DIRECTIONS
Repeat each record below exactly, omitting whatever pictures appear in it.

RECORDS FOR PROCESSING
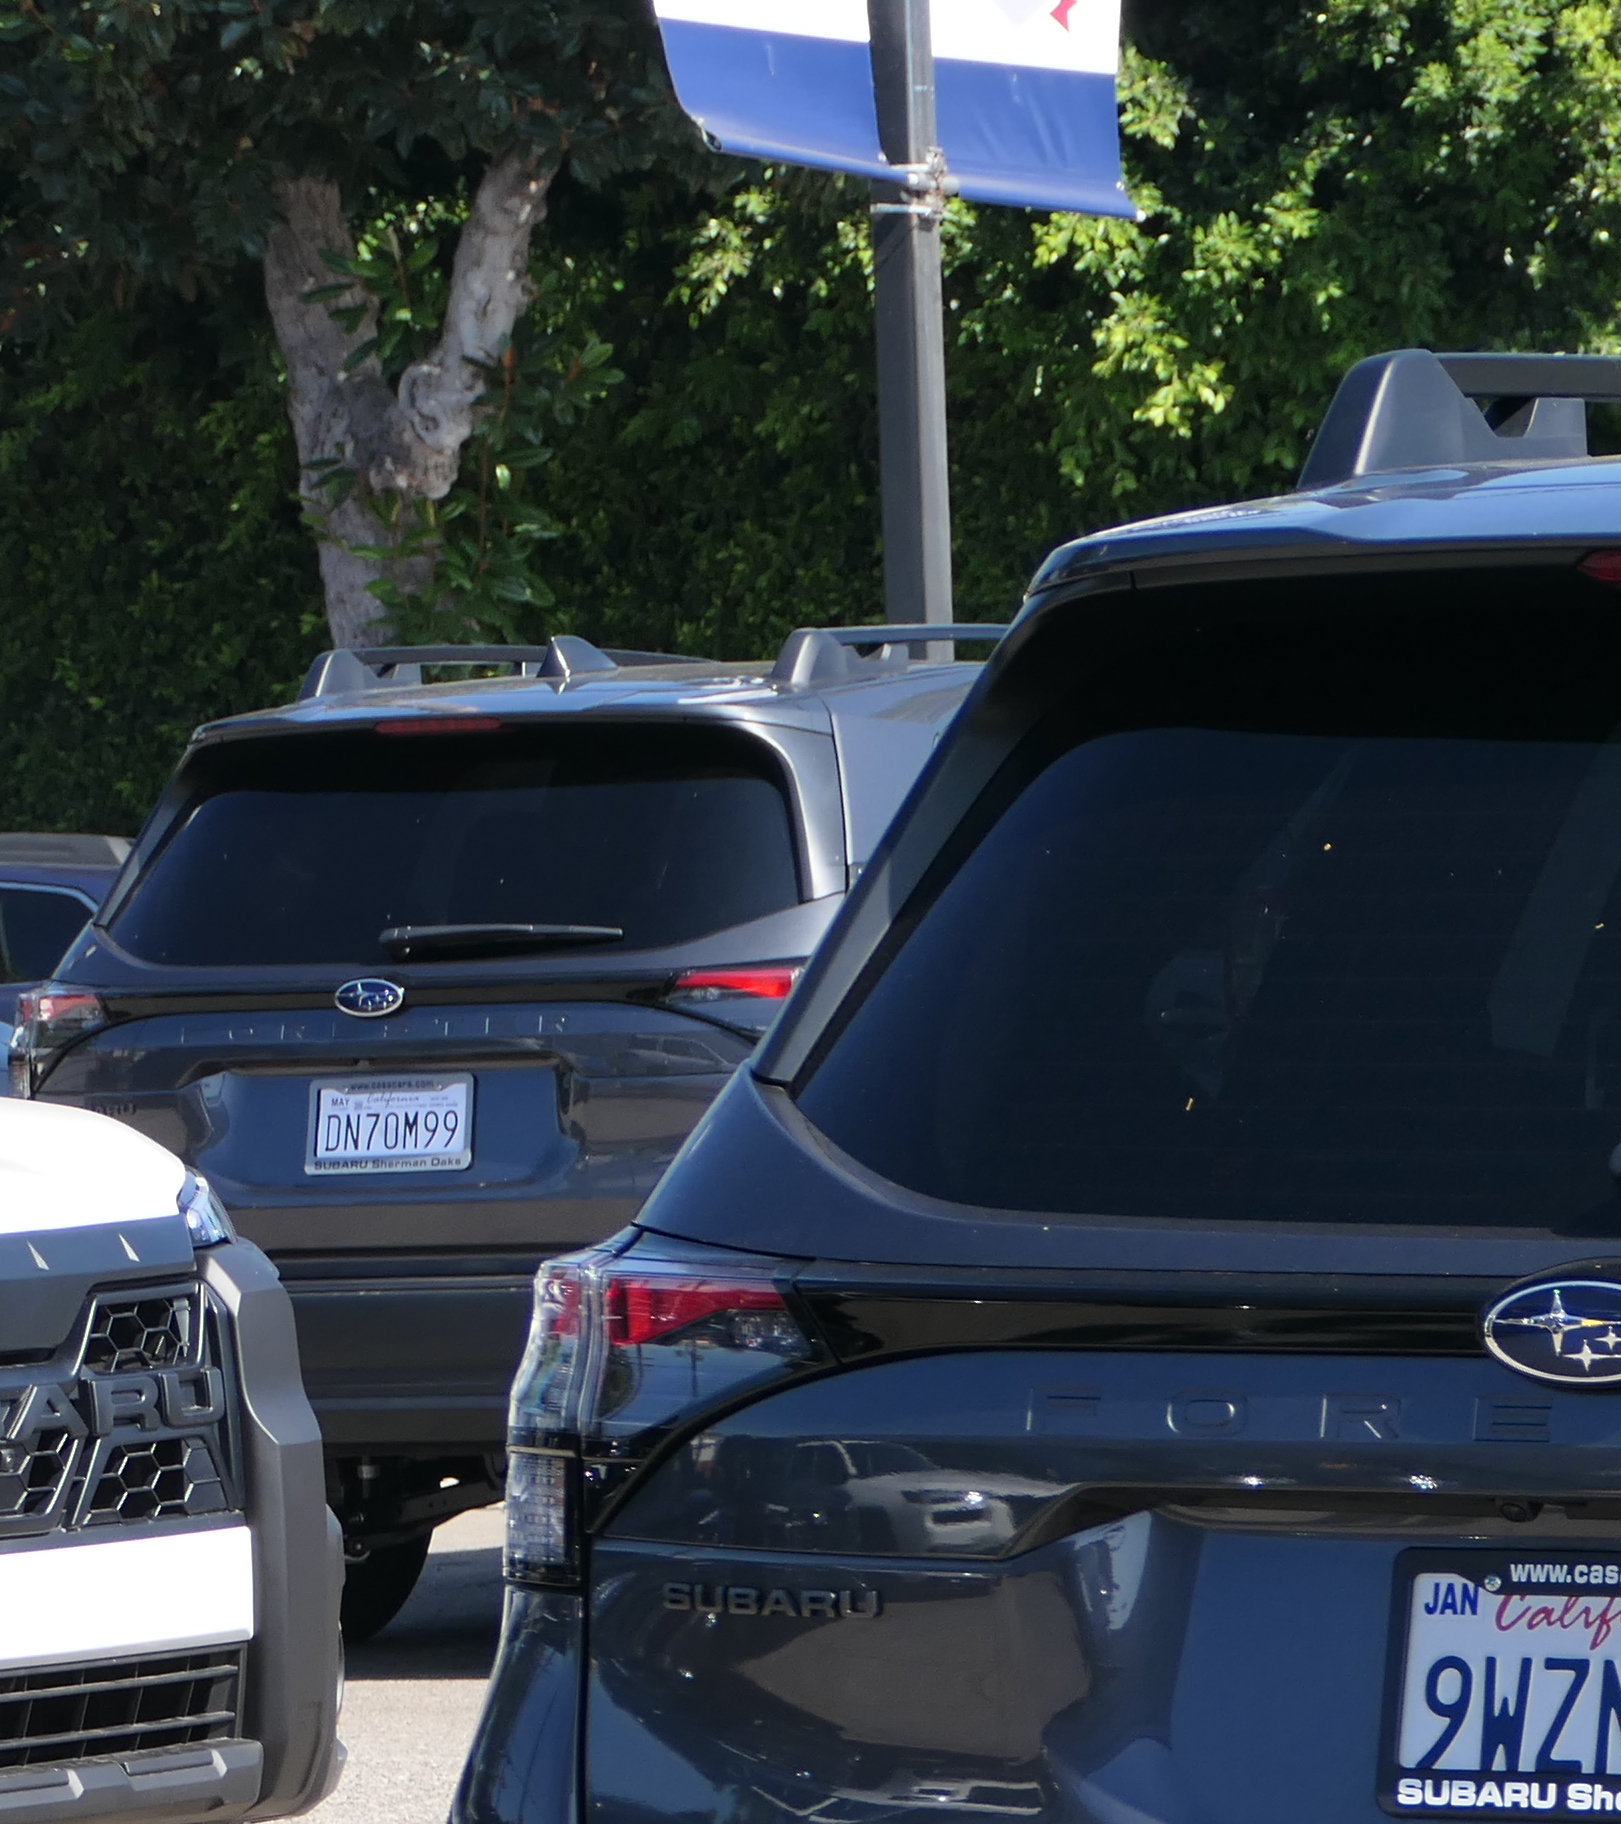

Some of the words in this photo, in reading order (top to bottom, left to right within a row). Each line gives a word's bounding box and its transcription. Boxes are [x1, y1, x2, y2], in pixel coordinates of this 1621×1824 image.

[331, 1097, 350, 1108] MAY
[325, 1110, 459, 1153] DN70M99
[313, 1159, 368, 1171] SUBARU
[371, 1158, 426, 1170] Sherman
[430, 1157, 461, 1167] Oaks
[0, 1365, 226, 1440] ARU
[661, 1581, 883, 1620] SUBARU
[1423, 1582, 1479, 1616] JAN
[1397, 1777, 1557, 1810] SUBARU
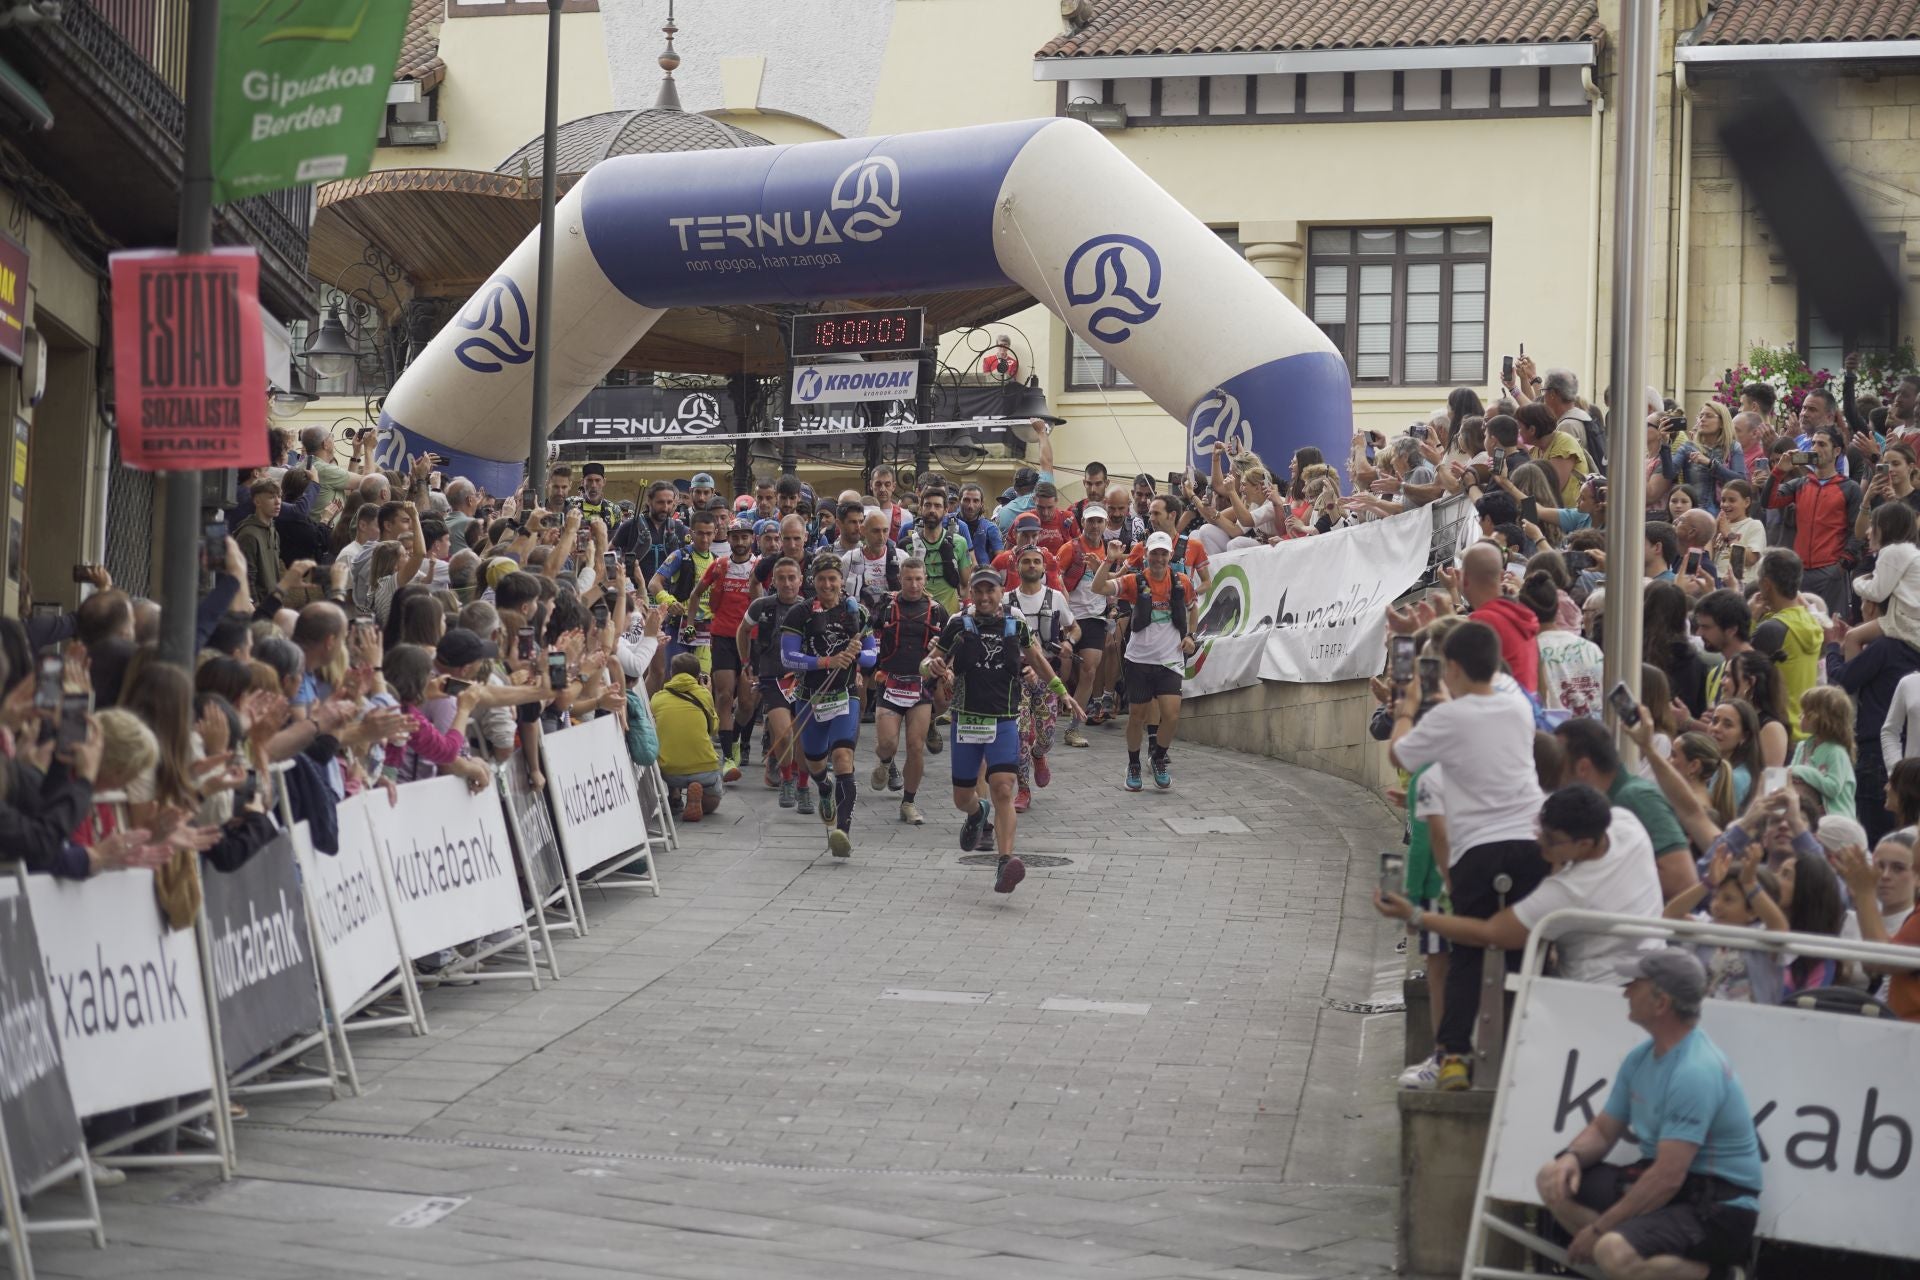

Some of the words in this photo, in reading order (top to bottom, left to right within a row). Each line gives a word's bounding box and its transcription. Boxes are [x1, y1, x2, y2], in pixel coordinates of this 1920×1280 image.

[241, 63, 376, 107] Gipuzkoa
[251, 103, 344, 142] Berdea
[669, 209, 844, 251] TERNUA
[686, 258, 711, 272] non
[715, 256, 762, 273] gogoa,
[762, 253, 790, 269] han
[791, 252, 842, 269] zangoa
[140, 271, 242, 388] ESTATU
[816, 317, 906, 346] 18:00:03
[825, 370, 914, 391] KRONOAK
[863, 388, 909, 398] kronoak.com
[142, 397, 241, 430] SOZIALISTA
[577, 417, 682, 435] TERNUA
[966, 716, 985, 726] 517
[557, 755, 632, 828] kutxabank
[385, 817, 502, 905] kutxabank
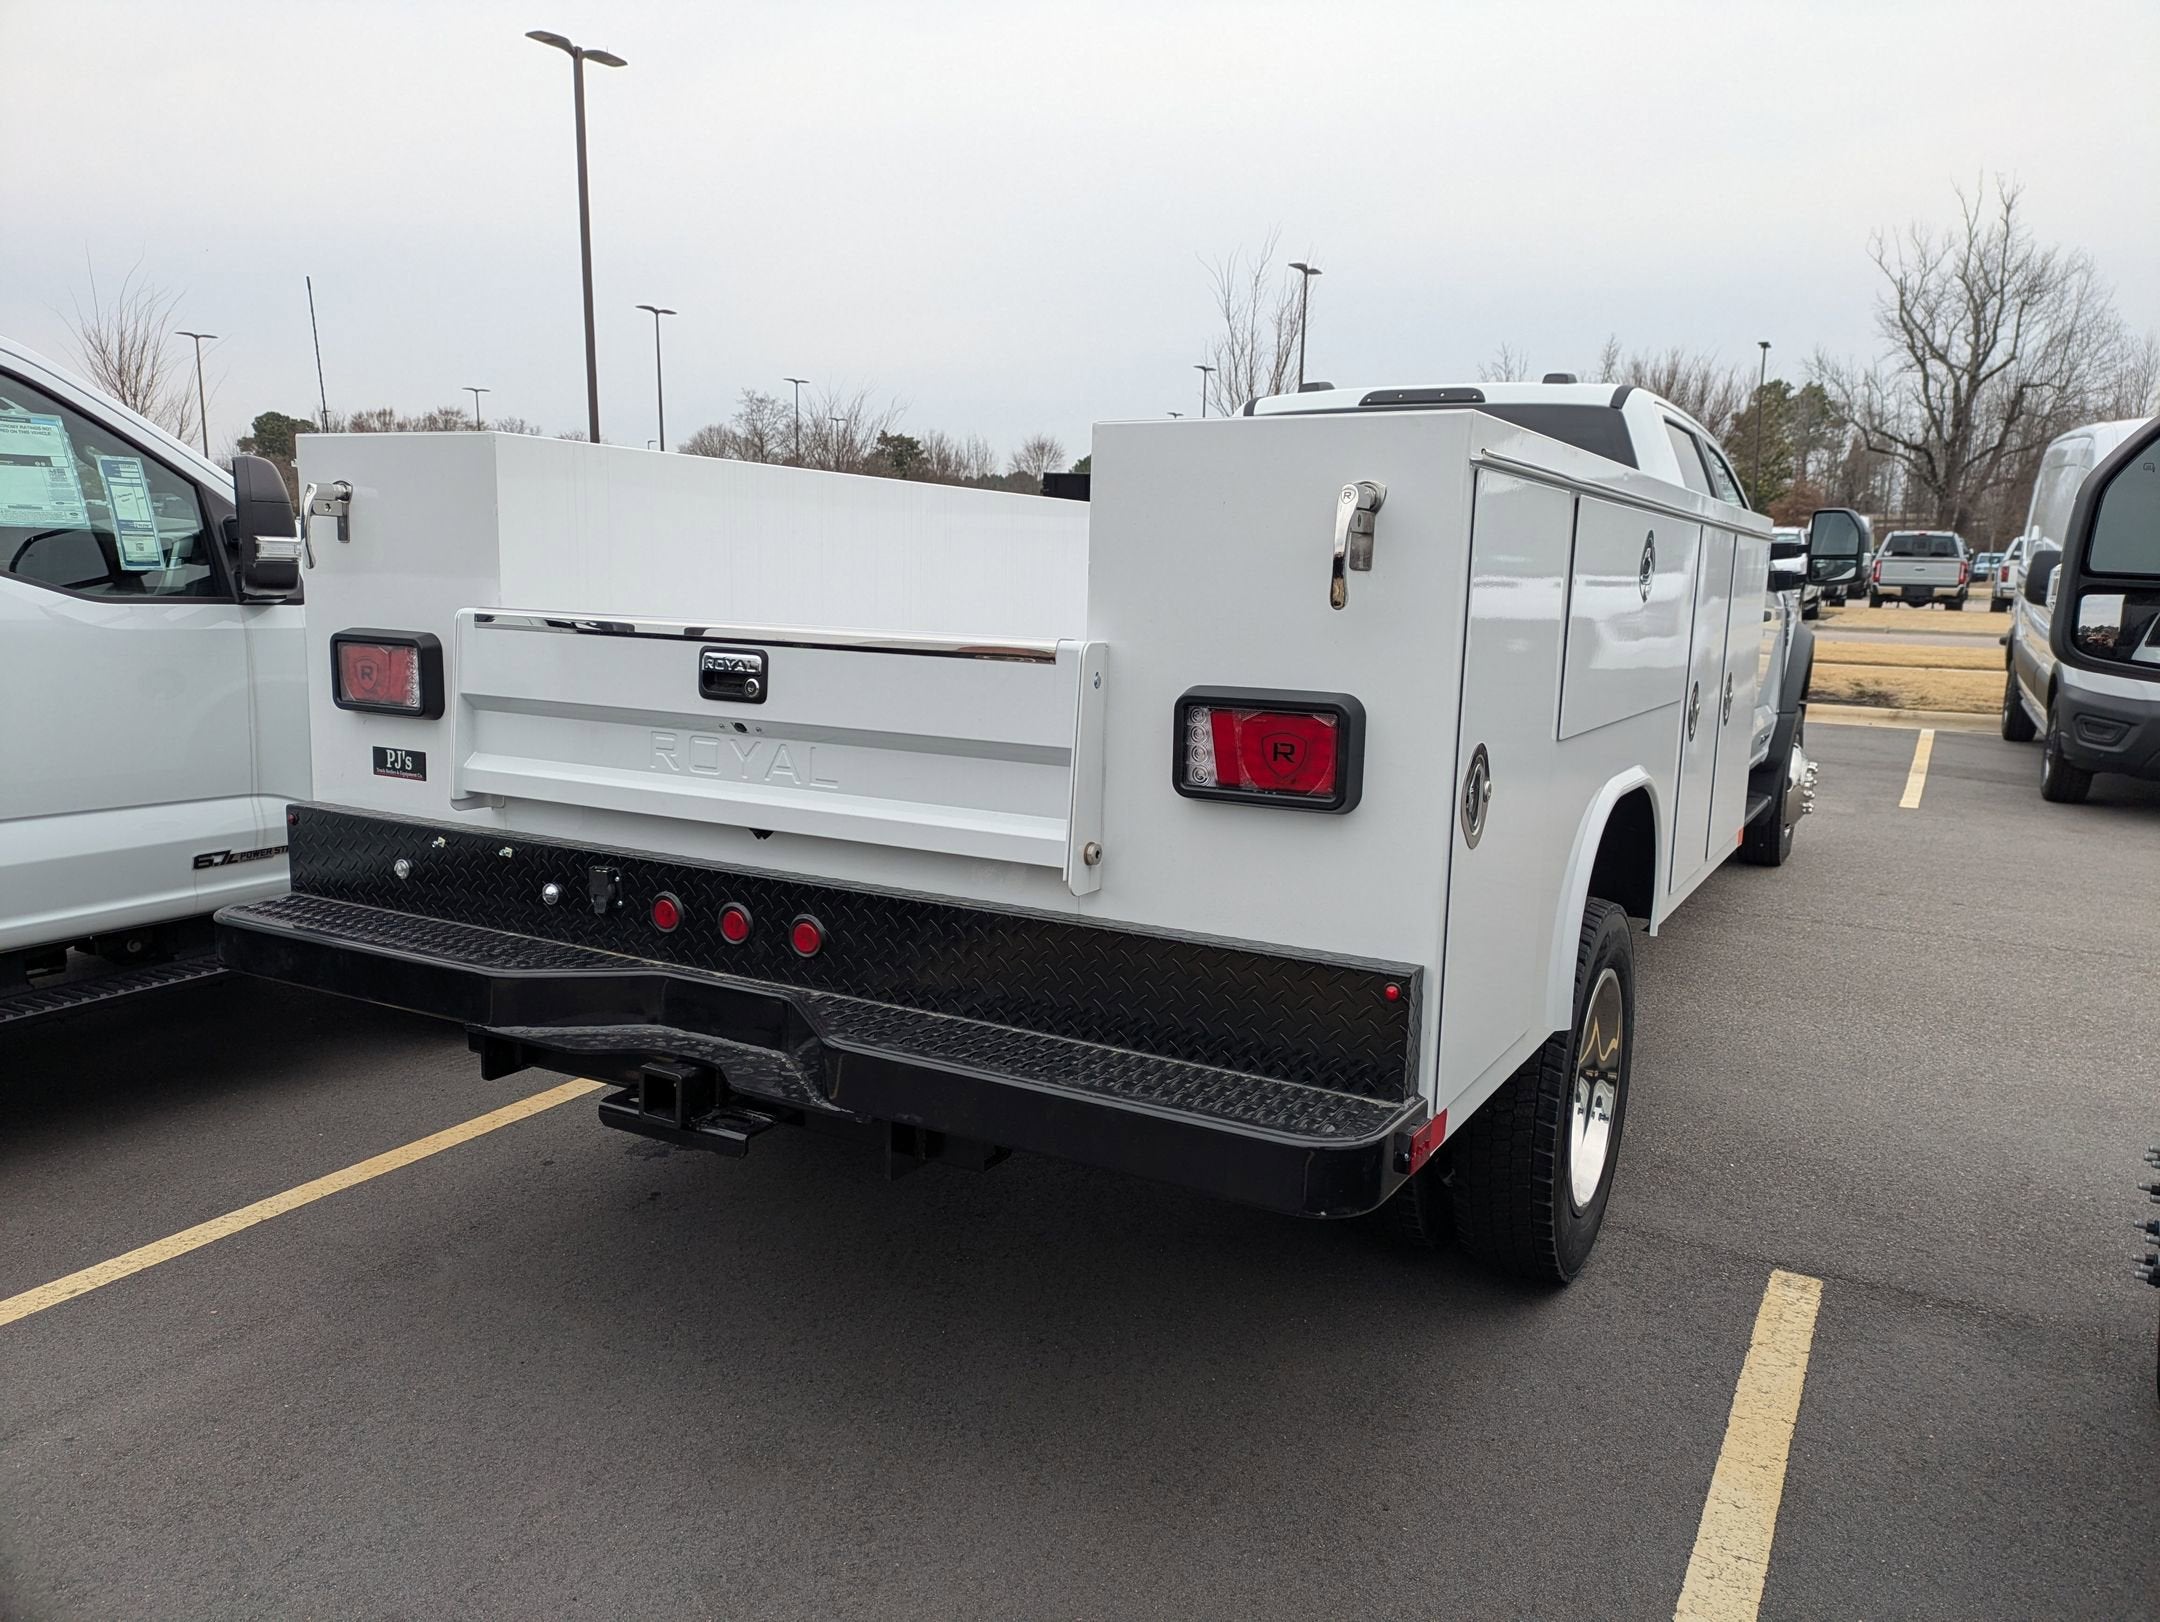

PROBLEM SOLUTION
Some of the words in this photo, in reading order (top to bottom, left to right within a row). Each line gives a word's bounding box and its transcription. Boxes are [x1, y1, x2, y2], in pixel coordinates of this 1621×1824 image.

[331, 1097, 350, 1108] MAY
[325, 1110, 459, 1153] DN70M99
[313, 1159, 368, 1171] SUBARU
[371, 1158, 426, 1170] Sherman
[430, 1157, 461, 1167] Oaks
[0, 1365, 226, 1440] ARU
[661, 1581, 883, 1620] SUBARU
[1423, 1582, 1479, 1616] JAN
[1397, 1777, 1557, 1810] SUBARU

Some of the words in this photo, in reading order (top to bottom, left to right within a row). Each line gives a word's bounding box and its transcription. Boxes are [x1, y1, x2, y2], in pixel coordinates of this 1920×1280 image.

[241, 63, 376, 107] Gipuzkoa
[251, 103, 344, 142] Berdea
[669, 209, 844, 251] TERNUA
[686, 258, 711, 272] non
[715, 256, 762, 273] gogoa,
[762, 253, 790, 269] han
[791, 252, 842, 269] zangoa
[140, 271, 242, 388] ESTATU
[816, 317, 906, 346] 18:00:03
[825, 370, 914, 391] KRONOAK
[863, 388, 909, 398] kronoak.com
[142, 397, 241, 430] SOZIALISTA
[577, 417, 682, 435] TERNUA
[966, 716, 985, 726] 517
[557, 755, 632, 828] kutxabank
[385, 817, 502, 905] kutxabank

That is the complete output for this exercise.